Forza 6 'not a collision sim like Burnout' but 'wrecks happen'
Very few racing sims have decent levels of car damage. Gran Turismo went four games into its run without any damage modeling at all, Project CARS' crashes are decent(ish), and Codemasters' EGO engine is pretty good, if not as impressive now as it was six or seven years ago. Forza Motorsport 6 will feature some damage, but you won't be seeing Burnout Paradise-style crumple effects, according to the game's creative director, Dan Greenawalt. I met him in London during his brief stopover in the capitol and asked him for a bit more detail on the damage issue from a developer's point of view. Here's how that played out...
GR+: What are the problems with damage? Obiously, in a sim, we haven't seen many racing sims that have really pushed the damage element – I suppose TOCA Race Driver 2 probably [still] has the best damage in terms of parts falling off, things like that. What are the problems with damage in a modern racing game?

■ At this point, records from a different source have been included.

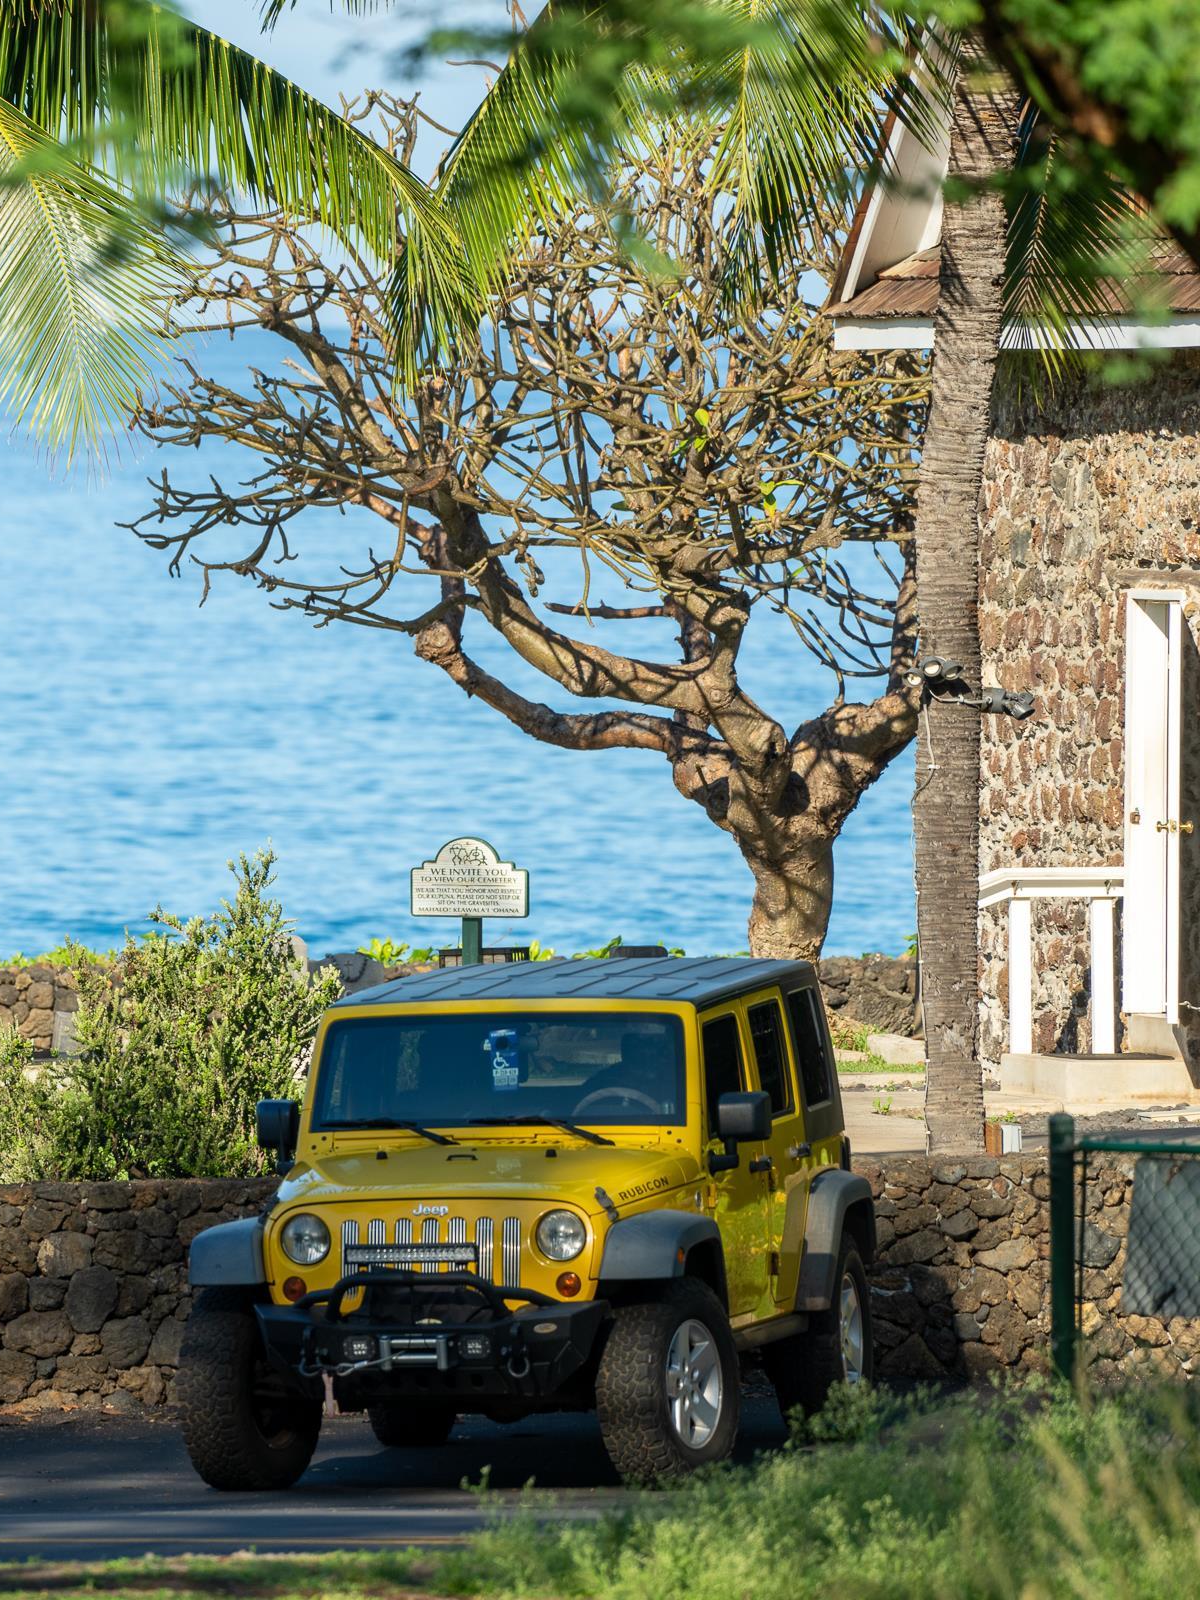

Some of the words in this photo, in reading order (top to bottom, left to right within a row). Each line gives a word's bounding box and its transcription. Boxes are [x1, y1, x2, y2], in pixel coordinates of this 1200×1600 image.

[431, 868, 446, 876] WE
[449, 868, 481, 876] INVITE
[484, 868, 508, 876] YOU
[618, 1175, 669, 1201] RUBICON
[412, 1203, 449, 1217] Jeep

DG: Well, first off, the way that we design our games for Forza is to never compromise on the physics and the experience and allow you to actually turn things on or off in the difficulty settings. So for example, headlights – if you're on cosmetic damage, your headlights won't break out. So if you're a player who just wants to get in, smash up and have a good time like my 7-year-old twin boys, you can do that and you're not going to be driving blind. You go to sim damage and yes, your headlights can get broken out. So that design idea allows us to really unfetter ourselves. We're able to make an experience that's tailor-made for a more hardcore player, and yet at the same time, have an experience that's made more for the more casual player and not choose one versus the other.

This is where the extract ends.